_EXTRACTED DATA_
--------------------------------

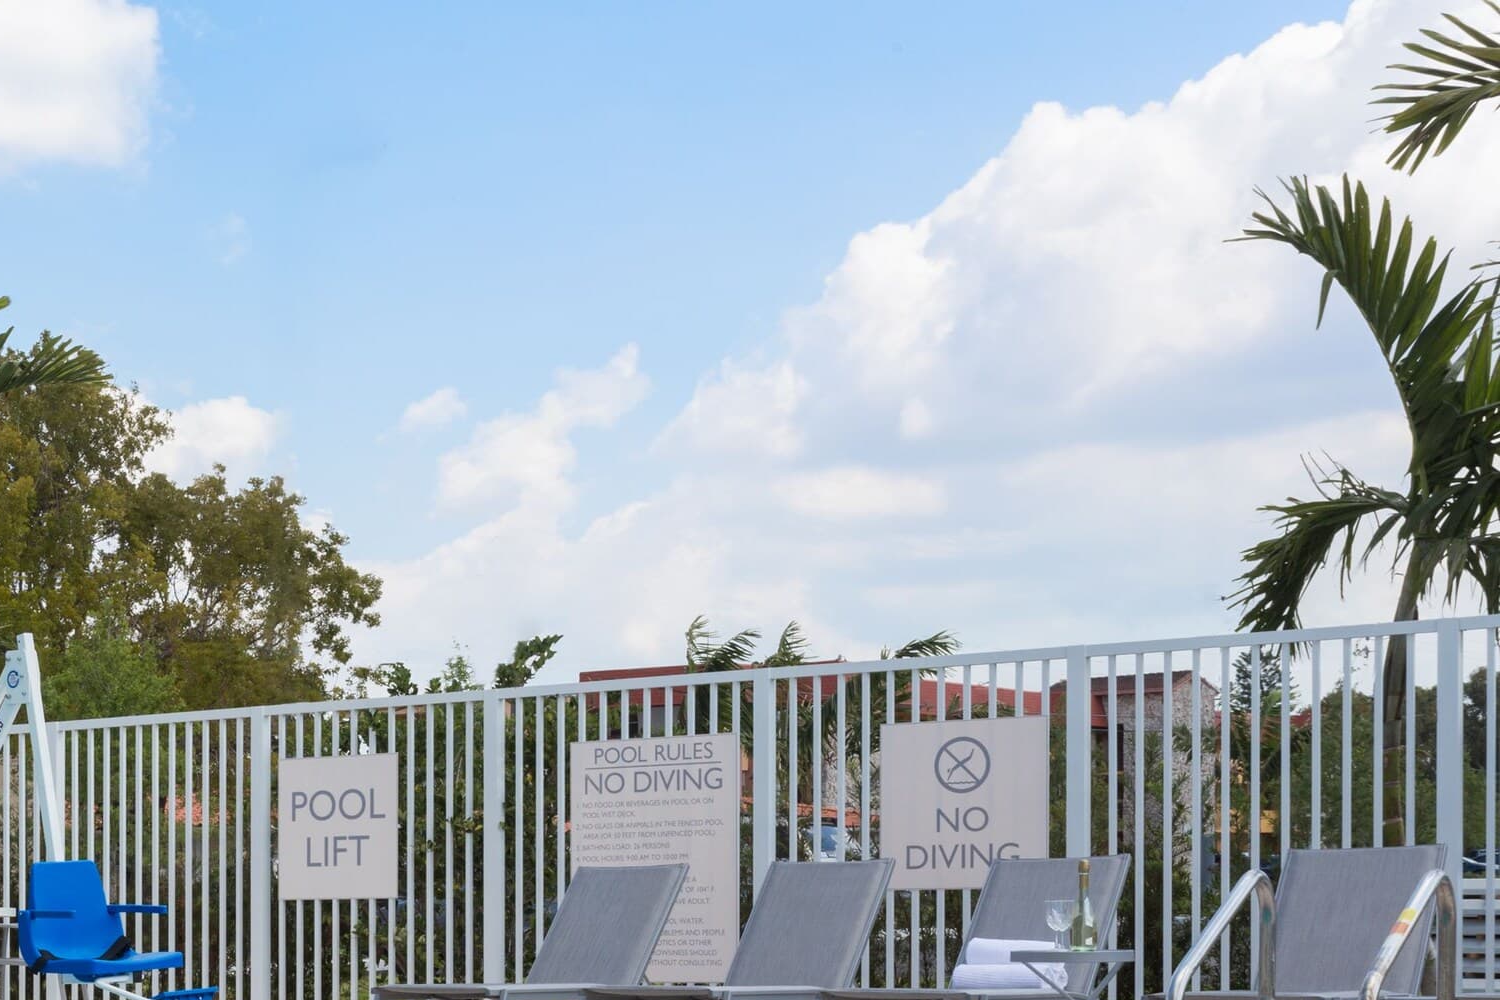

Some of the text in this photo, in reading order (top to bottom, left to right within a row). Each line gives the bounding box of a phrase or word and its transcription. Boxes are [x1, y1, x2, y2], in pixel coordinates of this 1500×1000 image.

[595, 742, 713, 764] POOL RULES
[585, 767, 723, 795] NO DIVING
[291, 788, 386, 822] POOL
[936, 806, 989, 833] NO
[658, 830, 693, 838] UNFENCED
[306, 835, 370, 867] LIFT
[906, 842, 1021, 870] DIVING

--------------------------------

Leave the pictures out, and transcribe each of the records exactly.

Some of the text in this photo, in reading order (top to bottom, left to right within a row). Each line gives the bounding box of a phrase or word and its transcription. Boxes are [x1, y1, x2, y2], in pixel coordinates of this 1500×1000 image.

[595, 742, 713, 764] POOL RULES
[585, 767, 723, 795] NO DIVING
[291, 788, 386, 822] POOL
[936, 806, 989, 833] NO
[658, 830, 693, 838] UNFENCED
[306, 835, 370, 867] LIFT
[906, 842, 1021, 870] DIVING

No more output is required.